Everyone listens, knowing your song.
You yearn for others who know your name,
and the words to your lament.
We are all the same, all the same longing to find our way back;
Back to the one, back to the only one.
Everywhere I told my story,
to the sad and the happy.
Everyone came close, but only
with their own secrets, never knowing mine.
My secret is hidden also from me,
for the light shines only outward.
The body and soul are intimate friends
but the soul remains secret from us all.
The sounds of the reed are like fire not wind,
and without the fire we are nothing.
The fire of the reed is the fire of Love,
the passion and heat of Love is in the wine.
This reed bends to spent lovers and friends,
its song and its word break the veil,
Both danger and delight, satyr and repletion,
the reed engorges and depletes, both.
The sensible are deaf, though the mindless listen,
the tongue wags only for the ear.
Our sadness spreads the days short, for time
walks hand-in-hand with painful thoughts and fears.
But let these loathsome days go by, who cares?
Stay in the moment, that holy moment,
your only moment, until the next-holier still.
We are thirsty fish in His blissful water,
like the starving buried in the feast of His sustenance.
So young our understanding, so mature
our surrounding-say less, learn more, depart.
And sons break free!
When will you let go your ambitions?
How much of the ocean fills your jar?
More than a day?
But the eye-never full-
yearns more than the heart-replete,
The oyster-shell forms the pearl only
when already filled.
Only the garment of love banishes desire and defect,
the panacea of ills,
As the garden-flowers fade, the bird's song dies.
The Beloved contains, the lover invades,
for the Beloved ignites the lover's pyre.
If love recalls, the lover swoops to the ground.
How blind my eyes when Her light is extinguished?
How will you see in the mirror
if the dust is so thick?
Love commands the word
for this is the marrow of your eyes.
From the Book of the Mathnawi by Rumi translated by Philip Dunn, Manuela Dunn Mascetti and R.A. Nicholson in their volume The Illustrated Rumi, published by Harper, San Francisco.

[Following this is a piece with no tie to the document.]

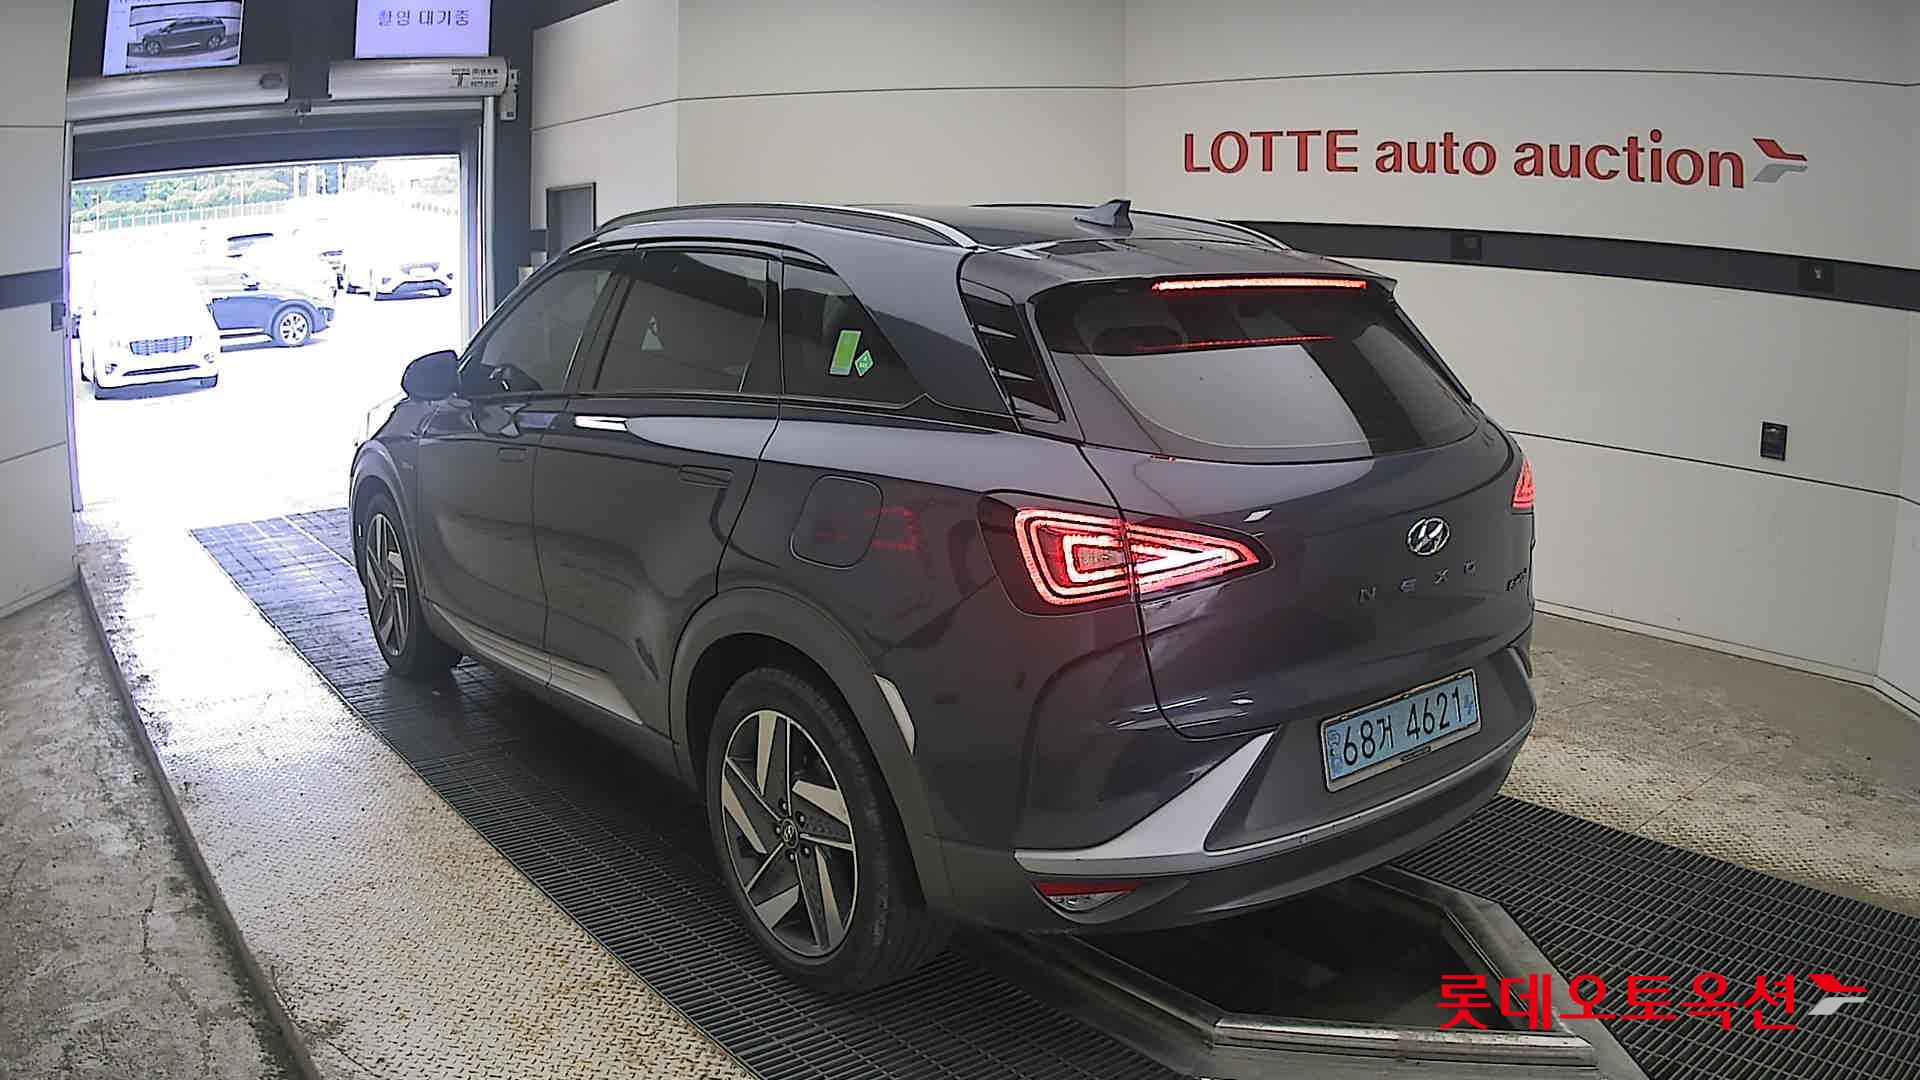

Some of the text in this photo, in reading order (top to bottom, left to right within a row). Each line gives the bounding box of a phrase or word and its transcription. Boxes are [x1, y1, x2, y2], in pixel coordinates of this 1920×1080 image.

The wonderful edition includes a forward by the brilliant religious scholar, Huston Smith.
Below is the transcript of a conversation between Rumi scholar Fatemeh Keshavarz and Krista Tippett, host of Speaking of Faith from American Public Media:
We’ve selected more of Rumi’s poems for you to hear and read on our Web site, speakingoffaith.org, along with images and explanations of the whirling dervishes. I’m Krista Tippett, and this is Speaking of Faith from American Public Media. Today, we’re dipping into the ideas and spiritual background of Rumi, a 13th-century Muslim mystic whose poetry is celebrated by an array of modern readers.
Ms. Keshavarz: (reciting) Listen to the story told by the reed of being separated. Since I was cut from the reed bed, I have made this crying sound. Anyone apart from someone he loves understands what I say. Anyone pulled from a source longs to go back. At any gathering, I'm there, lingering and laughing and grieving, a friend to each, but few will hear the secrets hidden within the notes. No ears for that. Body flowing out of spirit, spirit out from body, no concealing that mixing. But it's not given us to see, so the reed flute is fire, not wind. Leave that empty.
Ms. Tippett: There's a theme that is part of that, that runs all the way through, about separation and longing as part of — well, not just the spiritual life, but being human, and also a kind of sense that the separation and the longing themselves are a kind of arrival.
Ms. Keshavarz: On one level, you have to get on the road. You have to get started, you know, just like the earth that, you know, have to plow the earth, you have to get moving. On another level, time and again he reminds us that the destination is the journey itself. So there isn't a point where you say, 'OK, I'm here, I've reached, I'm done, I'm perfect. I don't need to do anything anymore.' In the incompleteness of that, the need to move forward is inherent in that incompleteness, in the process of going forward that you make yourself better and better and you, in a way, never reach. So the separation is the powerful force that keeps you going. If you ever felt that I have arrived I've reached, this is it, then you wouldn't go any further.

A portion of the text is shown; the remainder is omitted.